### [DATA FOR THIS TASK]
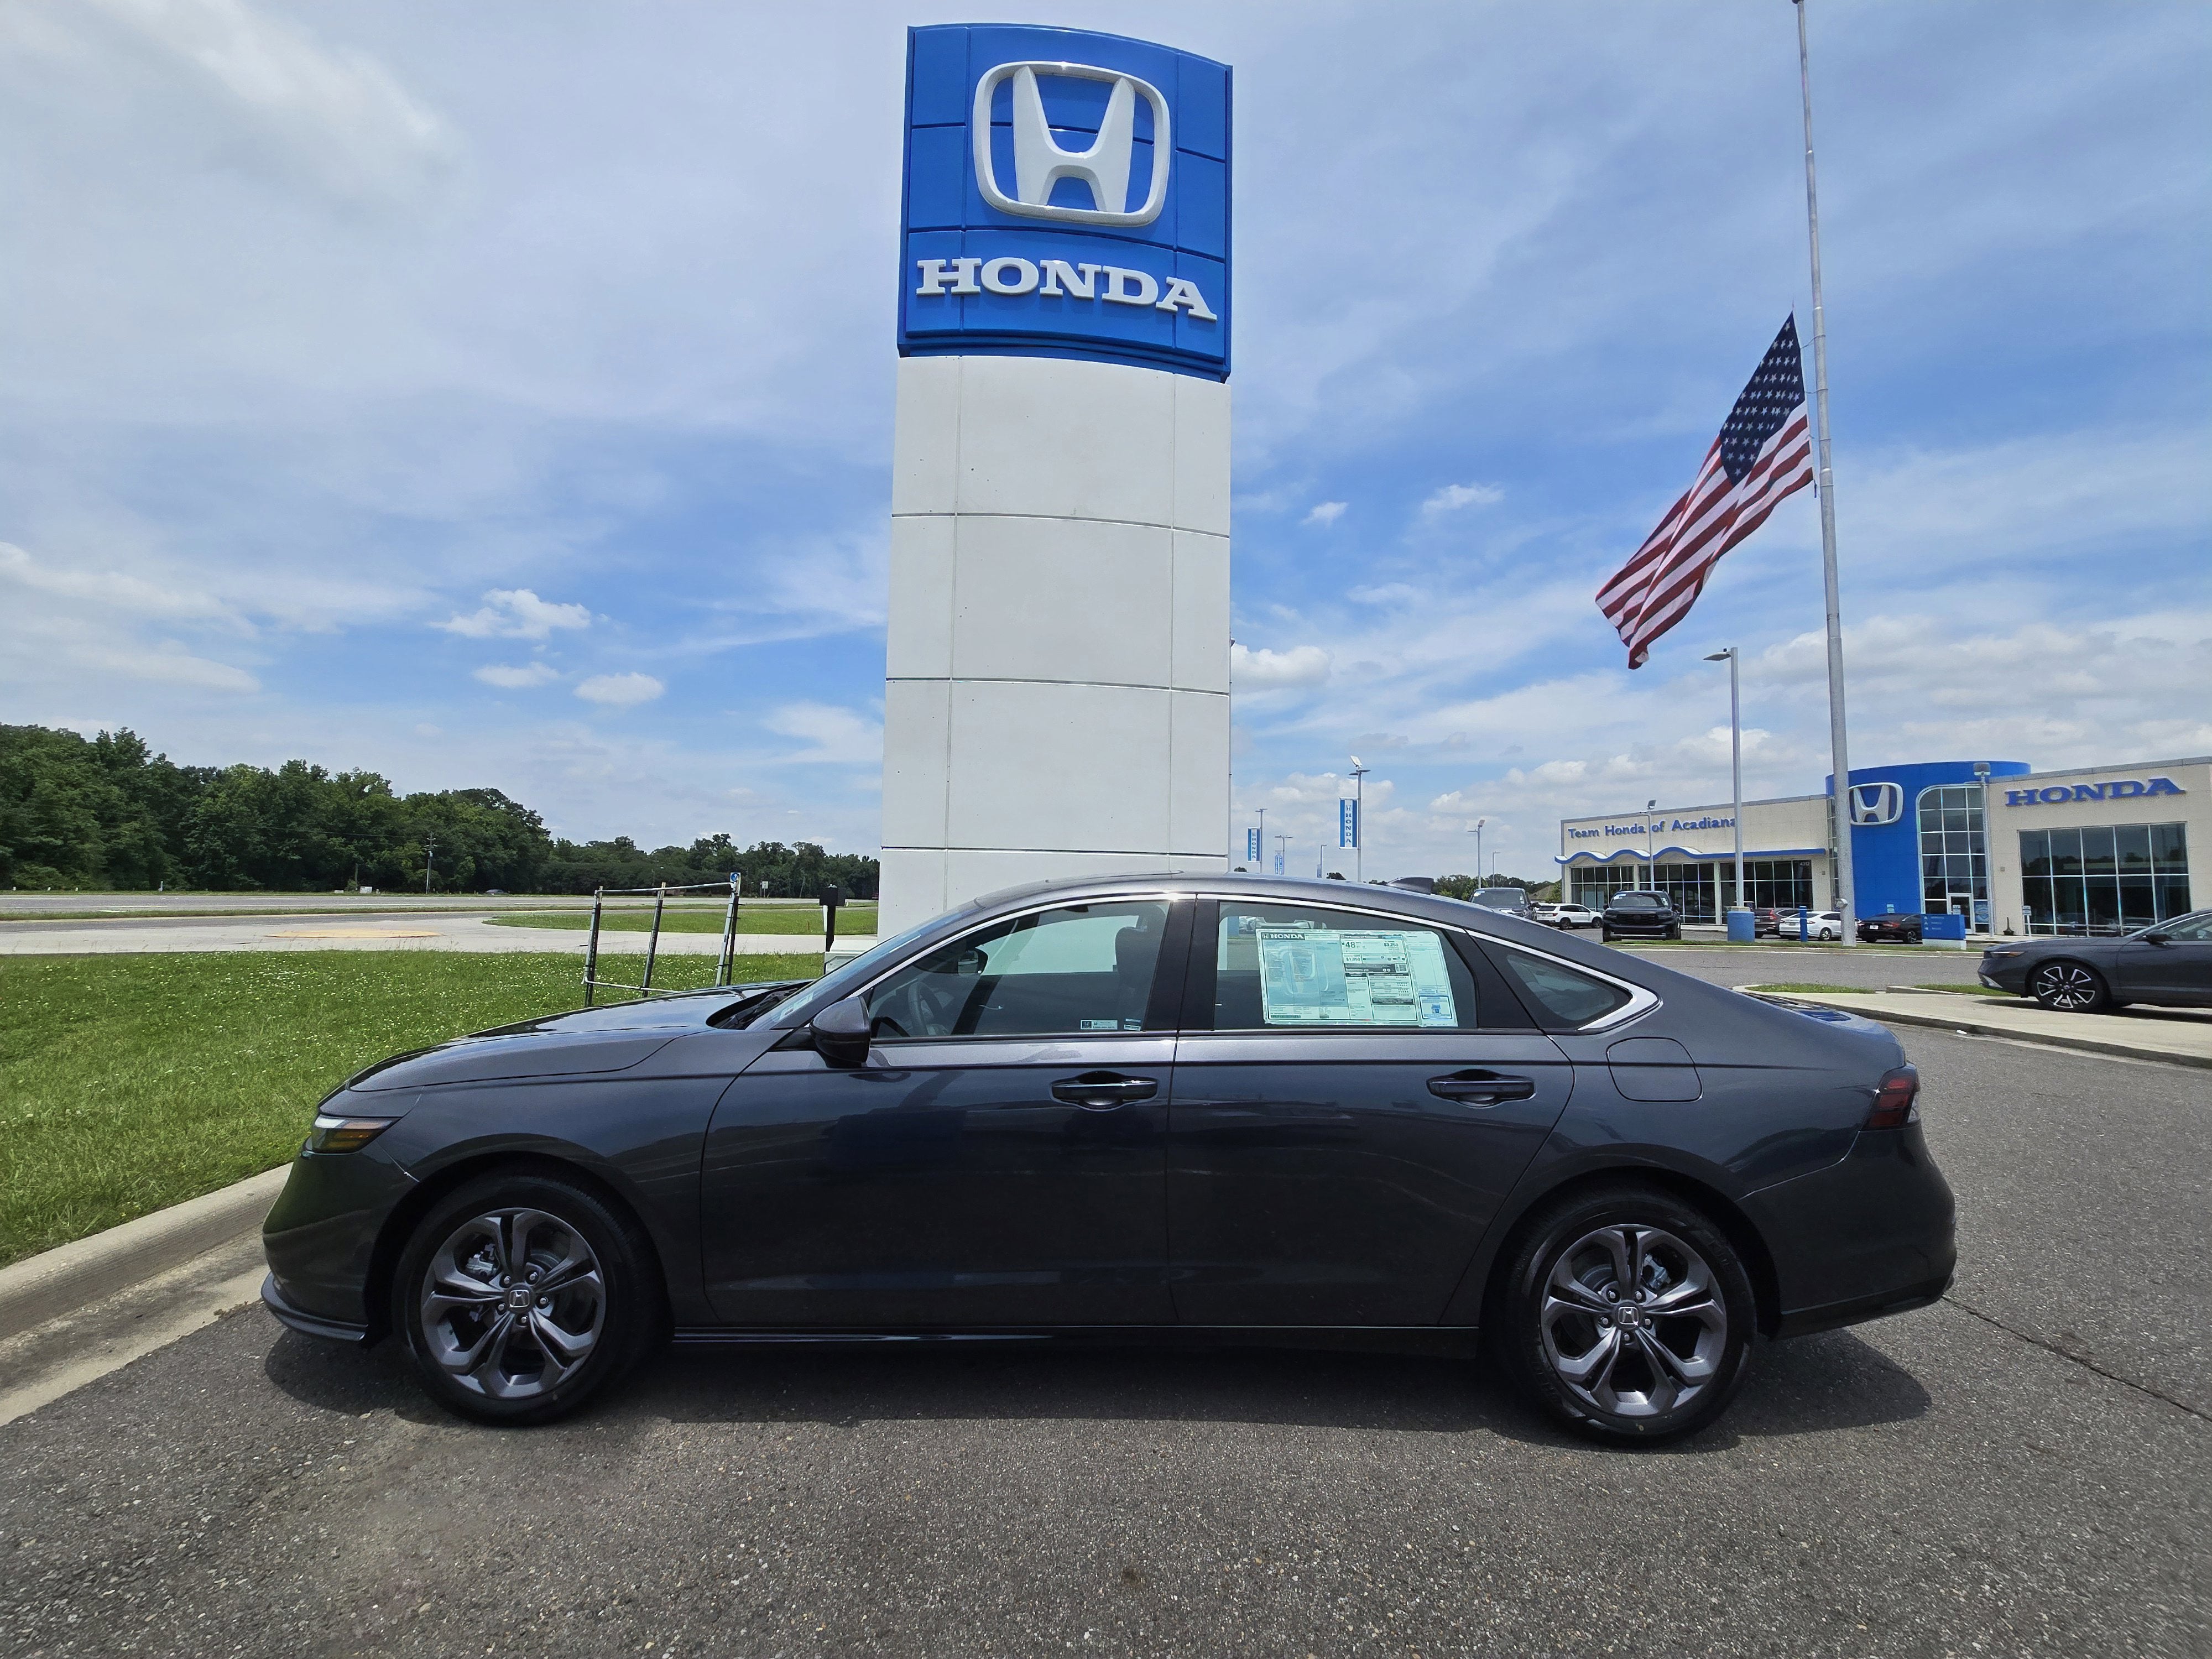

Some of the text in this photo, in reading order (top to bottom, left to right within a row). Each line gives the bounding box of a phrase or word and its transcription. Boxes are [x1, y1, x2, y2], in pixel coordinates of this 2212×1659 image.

[915, 257, 1217, 322] HONDA
[2004, 778, 2187, 807] HONDA
[1568, 827, 1599, 838] Team
[1605, 823, 1646, 837] Honda
[1652, 821, 1665, 833] of
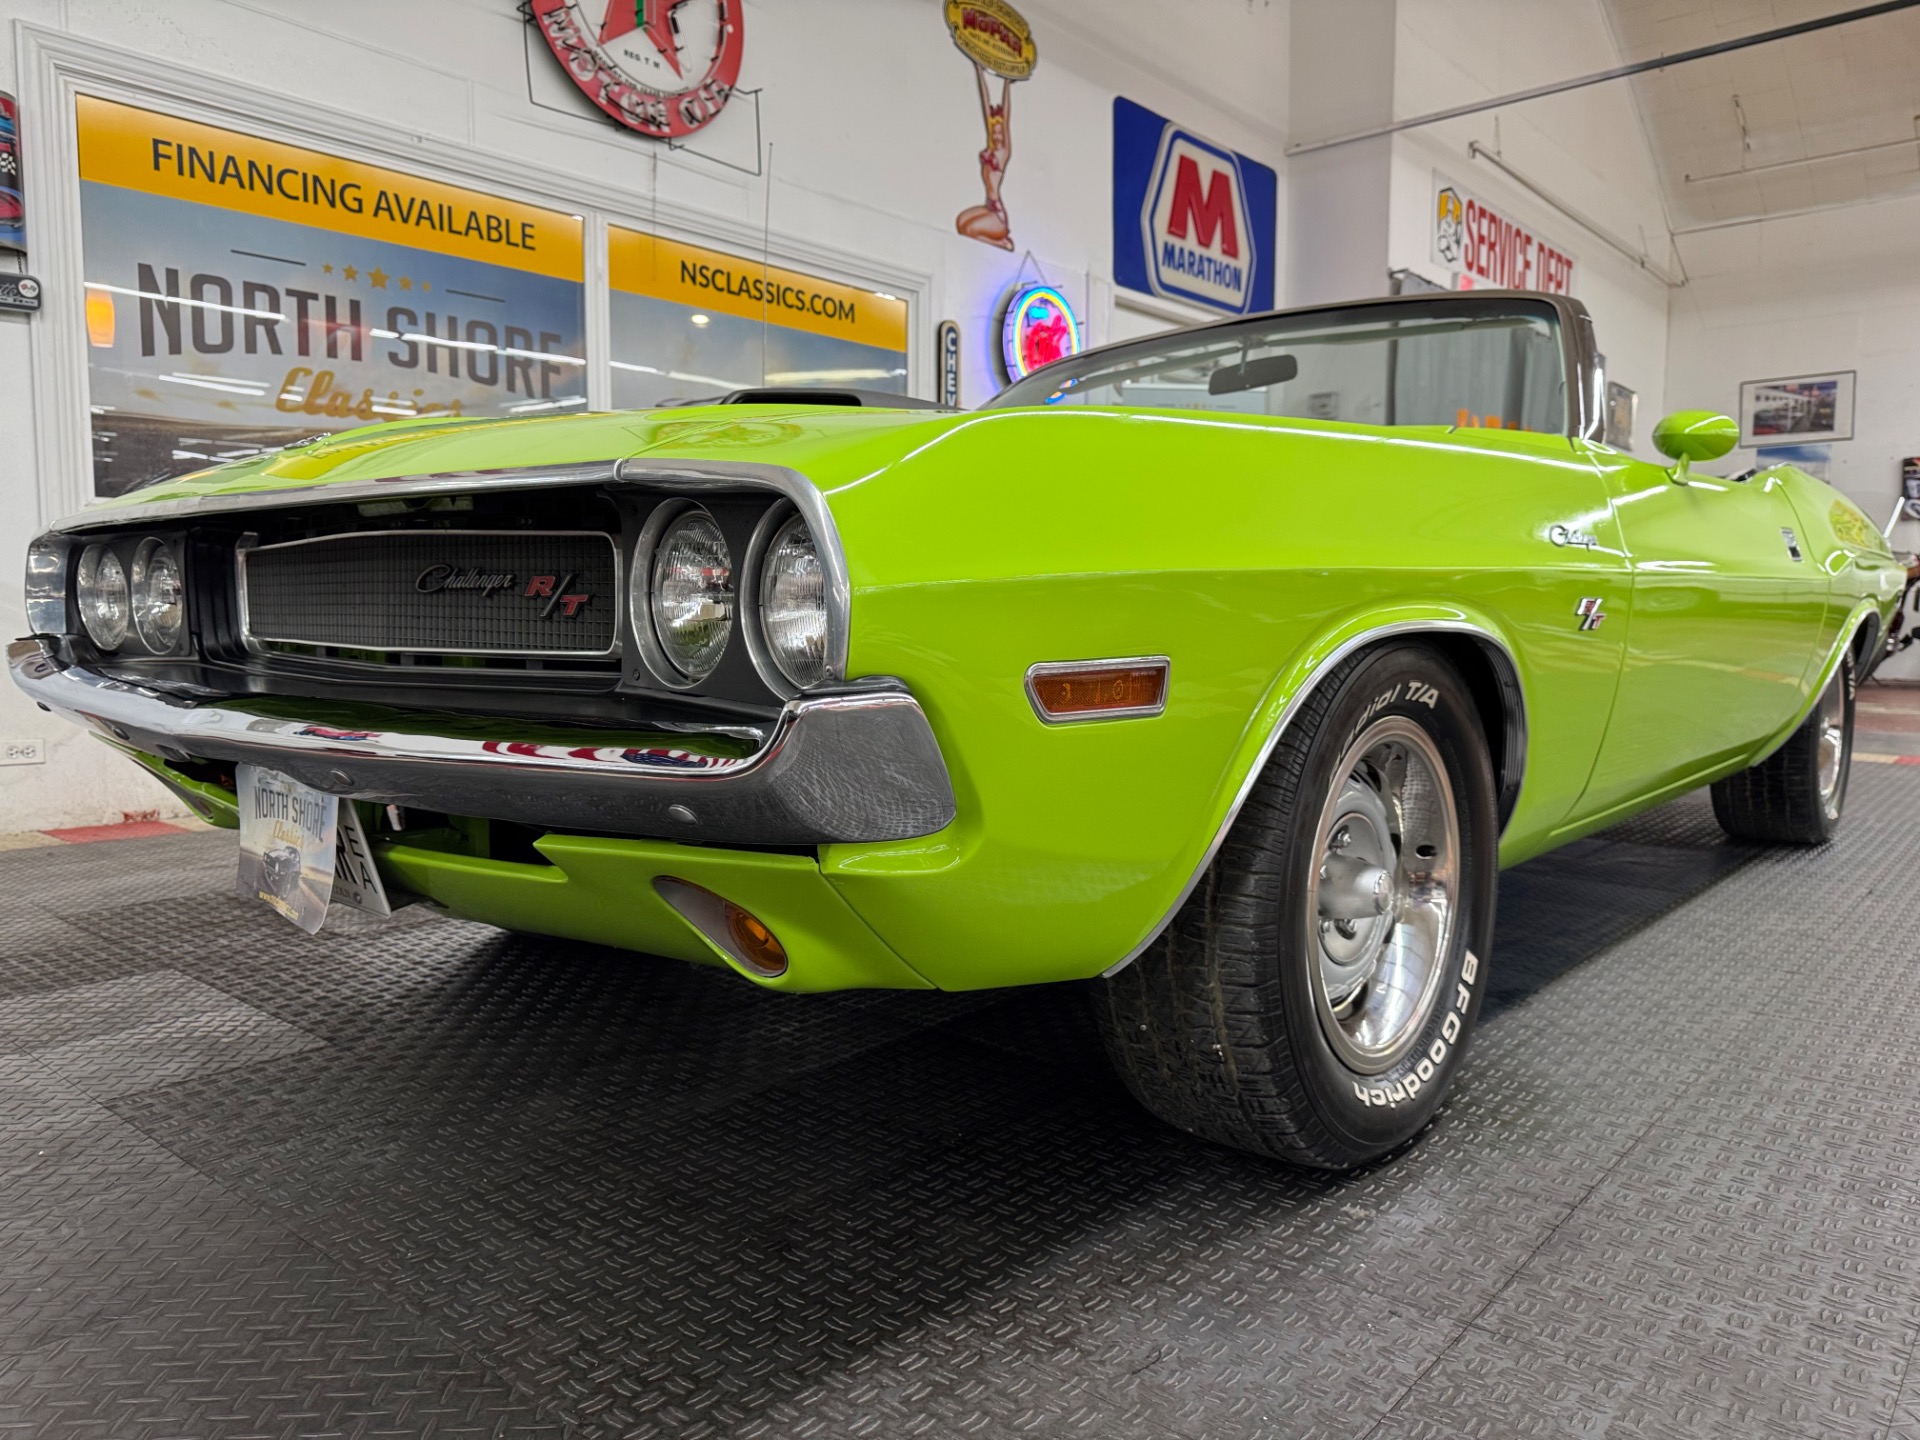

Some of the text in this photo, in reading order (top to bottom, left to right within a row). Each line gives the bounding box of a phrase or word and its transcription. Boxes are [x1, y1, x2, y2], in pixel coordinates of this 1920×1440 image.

### [TO DO]
With the pictures omitted, the records above are to be repeated exactly.

### [ANSWER TO THIS EXERCISE]
Some of the text in this photo, in reading order (top to bottom, left to right within a row). Each line gives the bounding box of a phrase or word and its transcription. Boxes are [x1, y1, x2, y2], in pixel coordinates of this 2212×1659 image.

[915, 257, 1217, 322] HONDA
[2004, 778, 2187, 807] HONDA
[1568, 827, 1599, 838] Team
[1605, 823, 1646, 837] Honda
[1652, 821, 1665, 833] of

Some of the text in this photo, in reading order (top to bottom, left to right within a row). Each line gives the bounding box of a phrase or word and its transcription. Boxes are [x1, y1, x2, y2], in pixel coordinates of this 1920×1440 image.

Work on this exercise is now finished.